The real solution is the messy one: sometimes numerical identifiers will make sense. But only when it's not important that people be able to remember them. For me, I prefer that my URLs mean something, when possible. It makes it easier to edit my own site, for example, and when I cut and paste a URL it gives me a double check. On your site, you could improve the urls and make them more readable, but at some point you'd have to mix in numbers.
From a user's perspective a URL is really a disguised database query and as such this isn't really an either-or decision. Really our web applications should support both naming schemes in all permutations.
That said I prefer not to see numeric IDs in URLs for the simple reason that they're an implementation detail and might break catastrophically if an underlying database ever has to be reconstructed from scratch without knowing what order the data was originally entered in.
I also have my qualms about immutable URLs. There is a good reason for the existence of the HTTP DELETE verb...
The one problem i see with string URLs is what do you do when you have two 37signals clients? do you go the route of /client/37signals and /client/37signals2? Its not much of a problem for company names, as they are usually pretty unique (although not when you come to restaurants and such). But with things like people's names you have a huge chance for collisions. How many John Smiths are out there? Or to take the W3C weather example... what about Portland? there are Portlands in many states, and 2 major ones. The only reason http://example.org/weather/Boston works is because there is only one Boston.
Now sure, we could go the route of disambiguation pages like Wikipedia does, but that seems like a poor solution for most sites since the colliding strings probably belong to different users and one should not be made aware of the other. Another solution would be to do something like put the state in the W3C example url above.
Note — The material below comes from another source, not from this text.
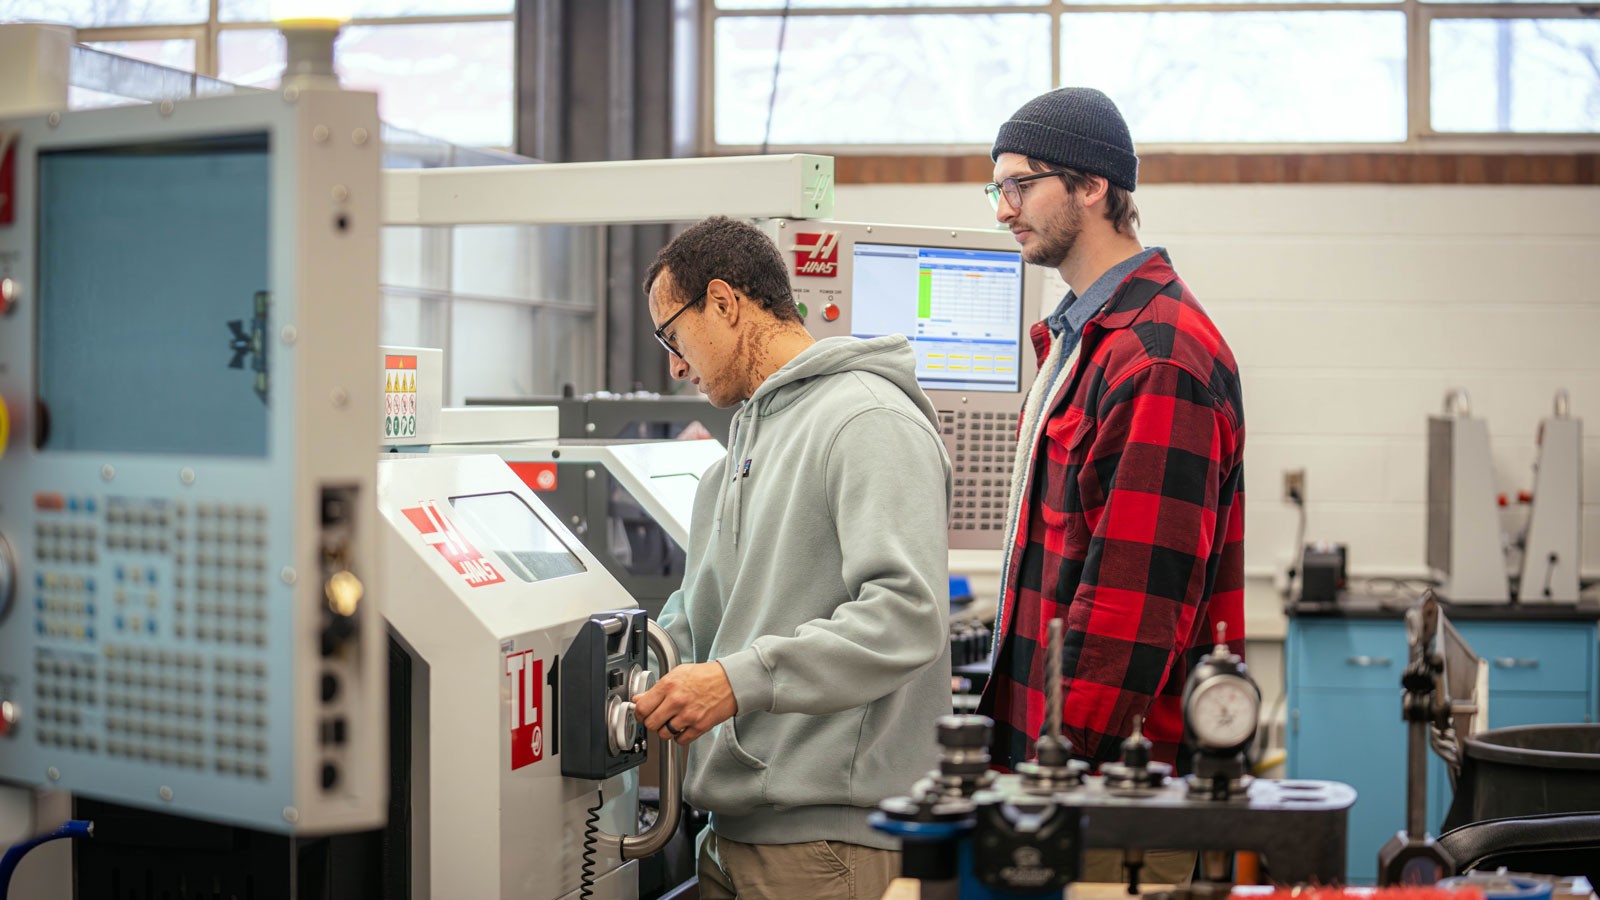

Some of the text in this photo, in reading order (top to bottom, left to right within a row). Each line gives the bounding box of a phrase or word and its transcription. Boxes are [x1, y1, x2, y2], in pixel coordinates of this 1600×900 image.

[797, 261, 837, 274] HAAS
[459, 559, 499, 584] HAAS
[506, 650, 559, 756] TL 1
So we would have http://example.org/weather/MA/Boston. But I can think of examples where a user might have two resources with the same name (Friday's Records) that both live at http://example.org/someuser/recordsets/fridays-records. Yes, we can always try and add more and more layers of disambiguation to our URLs (such as add the date to the record set example above) but our urls become longer, less readable, and harder for the user to dissect. The user probably doesn't know what date they are looking for in most cases.
All that being said, i'm not sure numeric ids are any better (though they don't have collision issues) for the reasons other people have stated. Just my two cents.